WHAT YOU NEED TO DO: Give back, exactly and with nothing added, the lines that run from the one containing "Some of the words" to the final line below.

RECORDS PROVIDED:

========

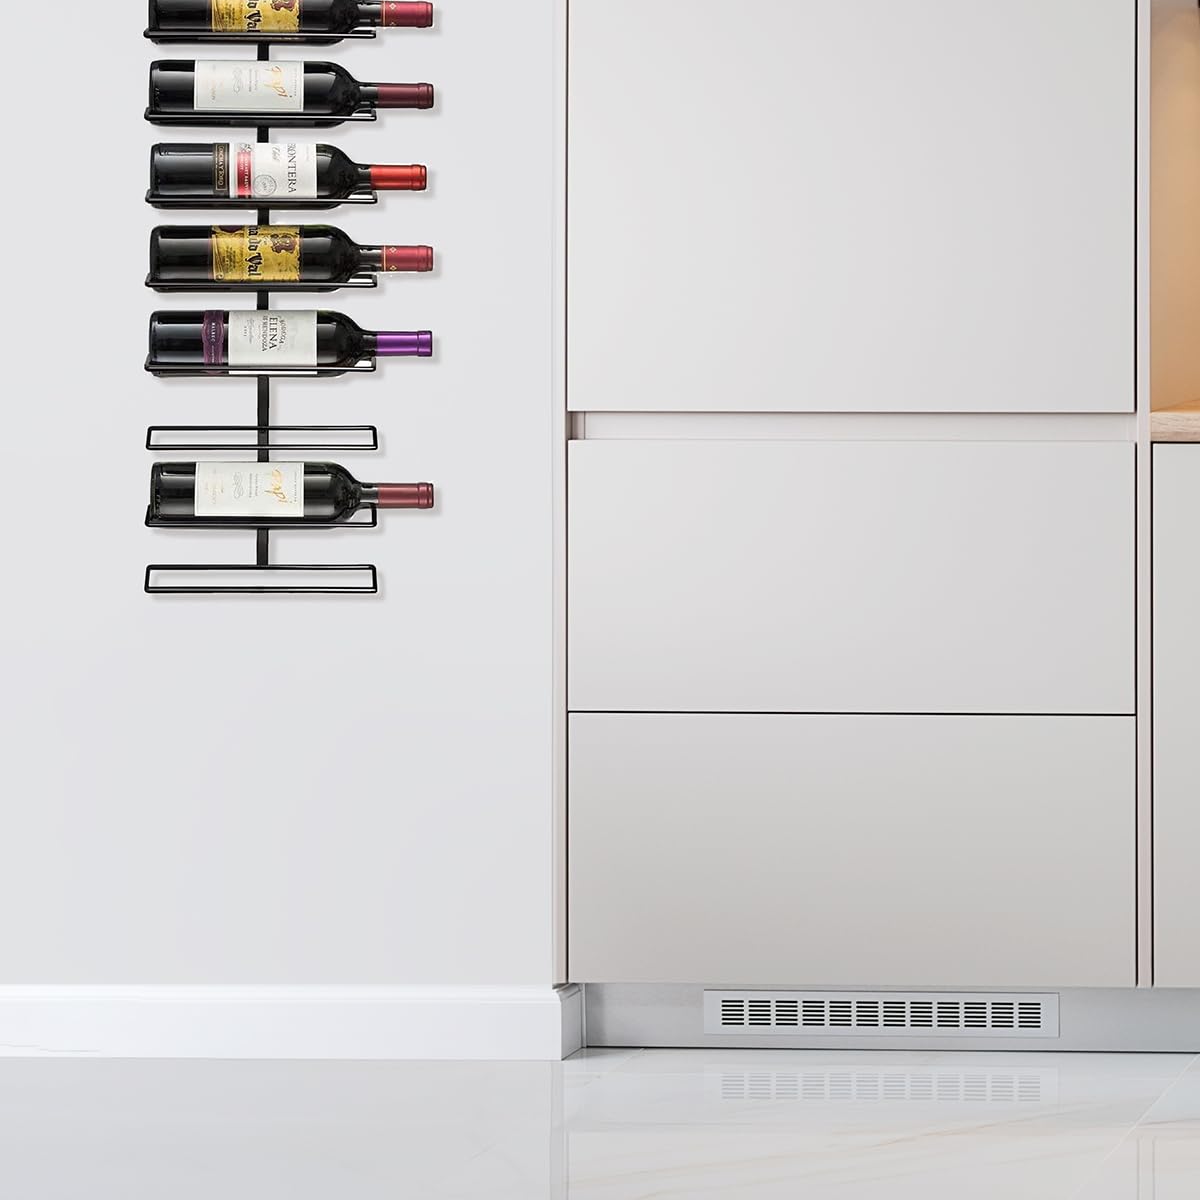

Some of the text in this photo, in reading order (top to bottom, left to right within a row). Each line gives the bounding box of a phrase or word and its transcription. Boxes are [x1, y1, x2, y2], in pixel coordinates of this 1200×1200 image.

[244, 252, 263, 276] Val
[261, 321, 269, 352] MENDOZA
[269, 317, 278, 350] ELENA
[279, 319, 287, 344] BODEGA
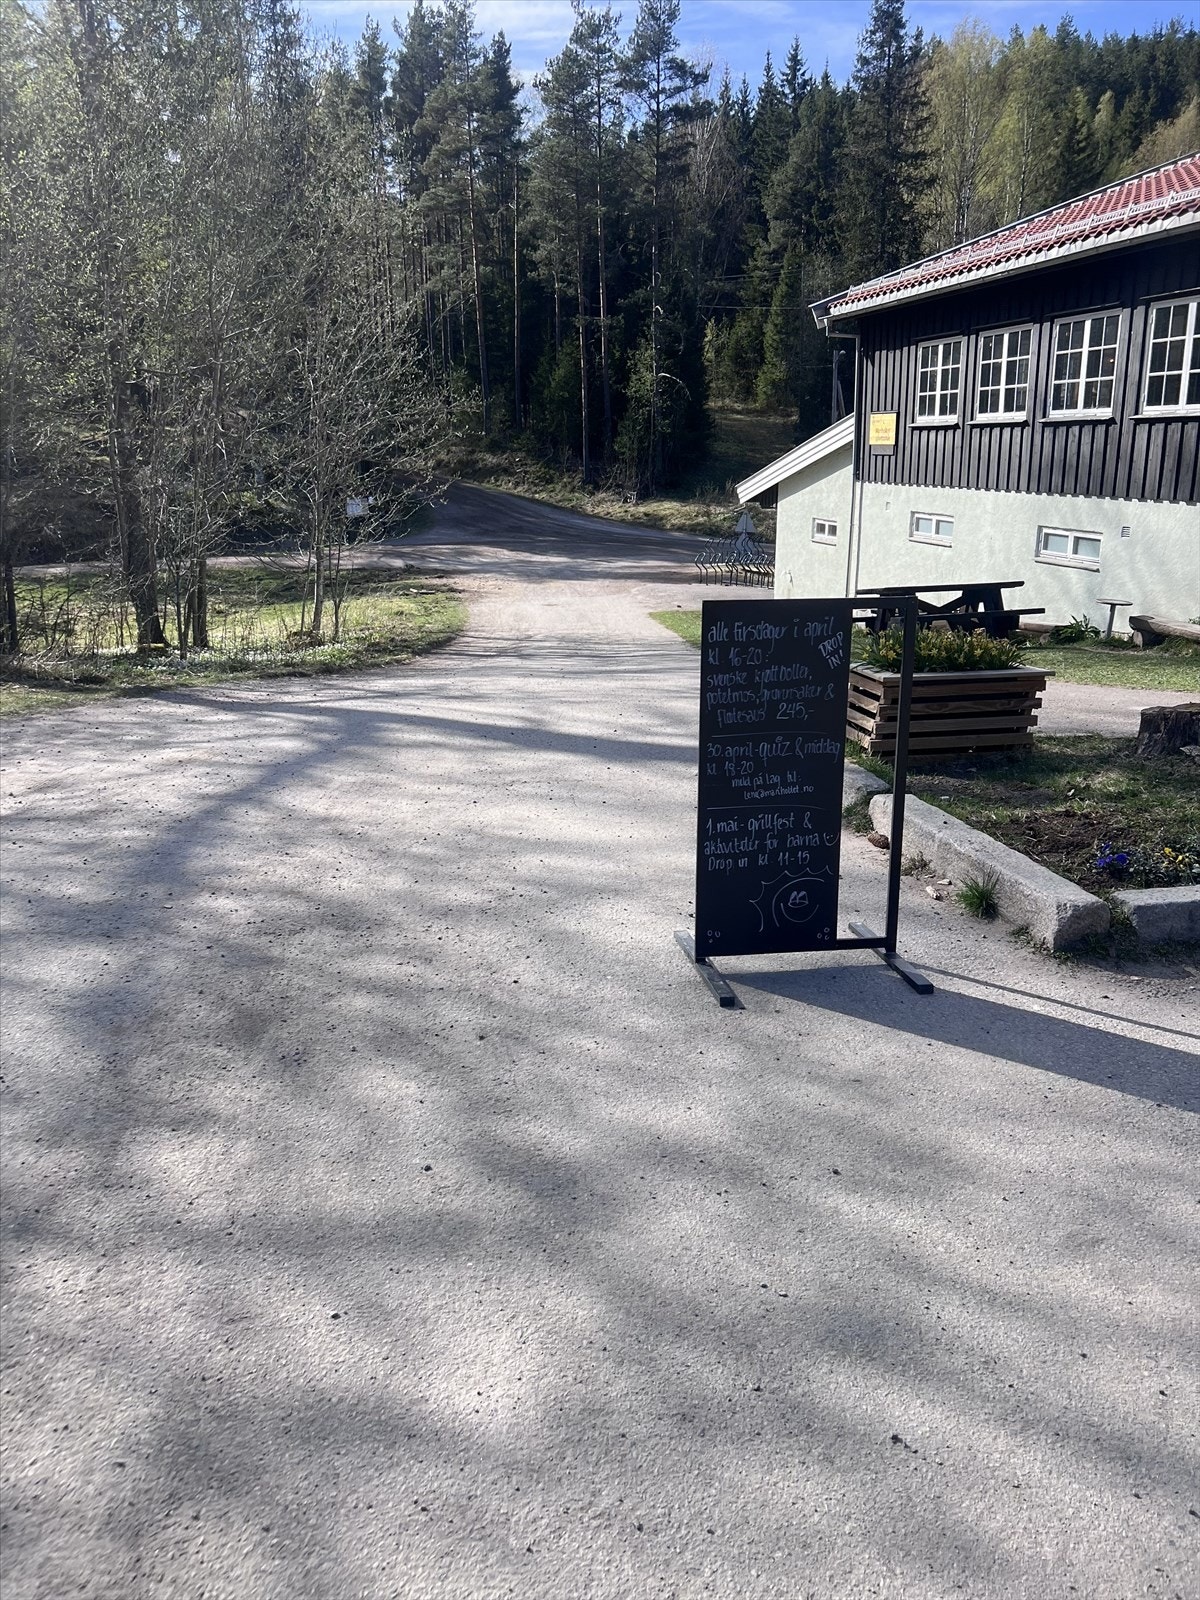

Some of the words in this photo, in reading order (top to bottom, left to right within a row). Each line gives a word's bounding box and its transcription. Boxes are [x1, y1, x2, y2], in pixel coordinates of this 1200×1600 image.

[708, 621, 728, 642] alle
[804, 617, 834, 645] april
[818, 632, 843, 657] DROP
[824, 683, 834, 700] &
[795, 737, 804, 758] &
[748, 812, 795, 839] grillfest
[804, 811, 812, 829] &
[708, 856, 732, 875] Drop

========

SOLUTION FOR THIS EXERCISE:
Some of the words in this photo, in reading order (top to bottom, left to right within a row). Each line gives a word's bounding box and its transcription. Boxes are [x1, y1, x2, y2], in pixel coordinates of this 1200×1600 image.

[708, 621, 728, 642] alle
[804, 617, 834, 645] april
[818, 632, 843, 657] DROP
[824, 683, 834, 700] &
[795, 737, 804, 758] &
[748, 812, 795, 839] grillfest
[804, 811, 812, 829] &
[708, 856, 732, 875] Drop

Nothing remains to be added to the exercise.